PROBABILMENTE dire che sono un’amante delle cipolle non è chic, ma che posso farci? Mi piacciono. Ecco perché la notizia che Gianfranco Vissani si è “innamorato” della cipolla di Certaldo tanto da volerla inserire in un paniere di eccellenze agroalimentari da utilizzare in mirabolanti creazioni all’Expò di Milano mi ha rallegrato, ma scoprire che sta preparando una ricetta speciale proprio con le cipolle certaldesi mi ha resa felice.  Sì, è vero, a me a volte basta poco per essere felice. A volte.

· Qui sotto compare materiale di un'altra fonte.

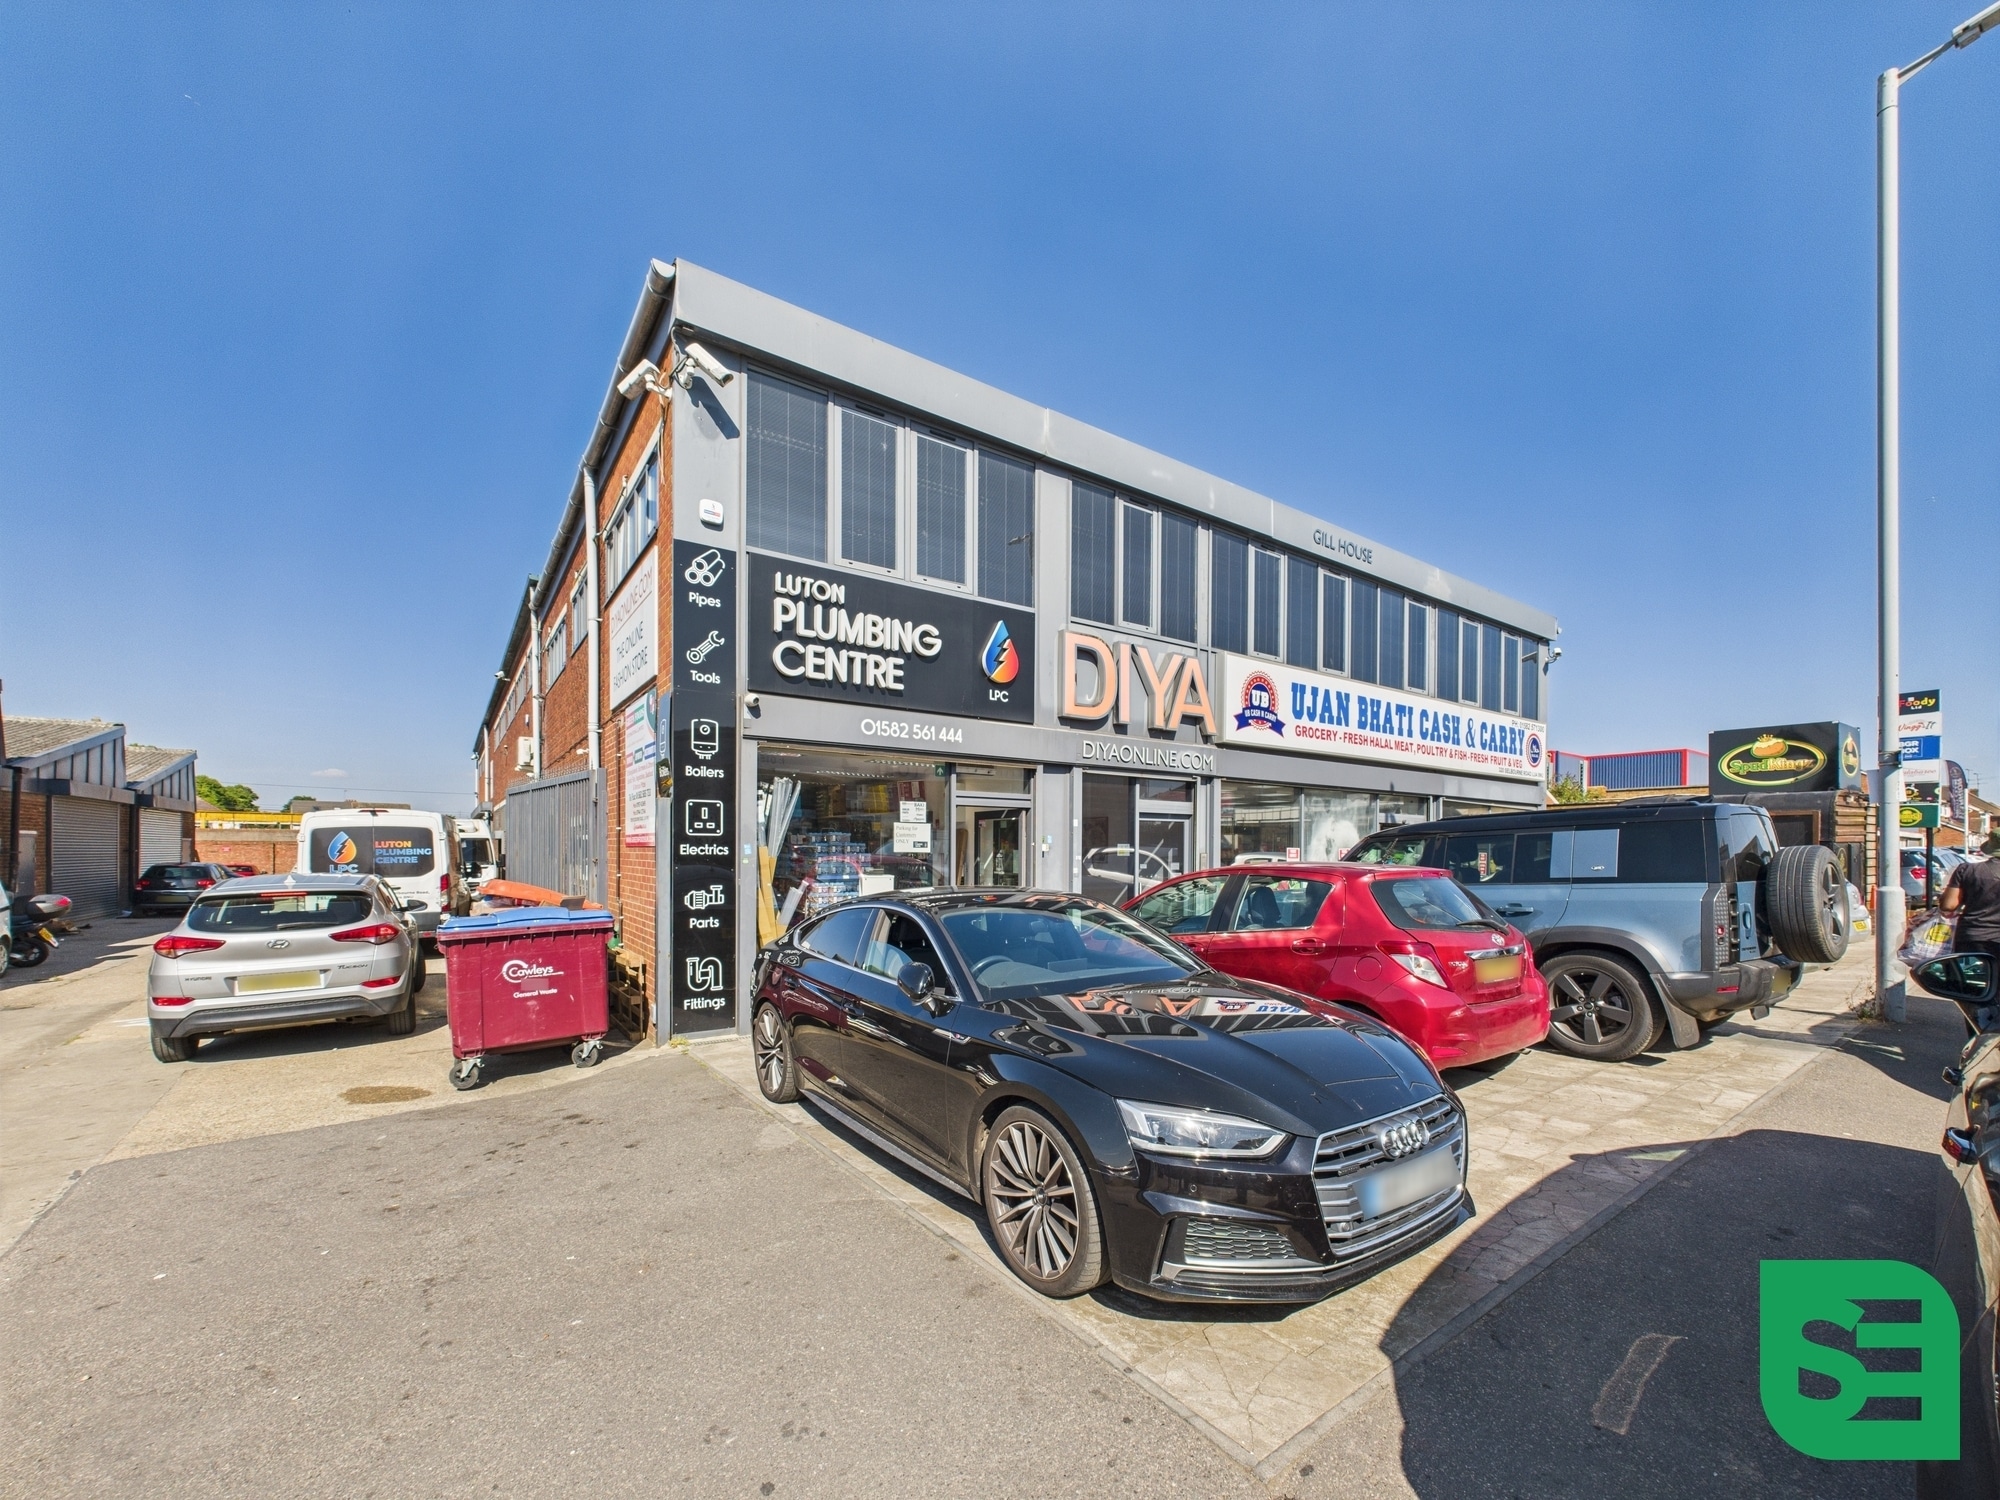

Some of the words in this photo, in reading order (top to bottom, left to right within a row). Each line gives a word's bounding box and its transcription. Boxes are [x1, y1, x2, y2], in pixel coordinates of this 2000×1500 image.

Tornando all’istrionico Vissani, nei giorni scorsi era in Valdelsa per realizzare una puntata del suo programma televisivo L’altro Vissani – Ricette di famiglia dedicata alla cinta senese e si è spostato fino a Certaldo per prendere accordi con il Consorzio dei produttori agricoli locali e visitare lo splendido borgo alto. Lo chef era già stato nel paese di Boccaccio qualche anno fa e aveva avuto modo di gustare la squisita cipolla che da sempre si coltiva nelle sue campagne. Ne era rimasto molto colpito, al punto che, a distanza di tanto tempo, se ne è ricordato ed è voluto tornare nella perla della Valdelsa Fiorentina per accordarsi per una fornitura speciale da utilizzare nella sua cucina. Sono molto curiosa di vedere cosa realizzerà Gianfranco il magnifico con questo ortaggio che, oltre a essere così amato in zona da figurare nello stemma di Certaldo, è più dolce e corposo della cipolla di Tropea e dà risultati notevoli in cucina sia da crudo sia da cotto. Peccato che durante la sua visita nel borgo alto certaldese, Vissani non abbia detto in quale puntata del suo programma mostrerà al pubblico di Rai Uno cosa si può fare con la cipolla certaldese: se non trovo un informatore, per saperlo dovrò sorbirmi non so quante puntate de “La vita in diretta”, che ospita lo show cooking di Vissani, e che davvero non è fra i miei programmi preferiti!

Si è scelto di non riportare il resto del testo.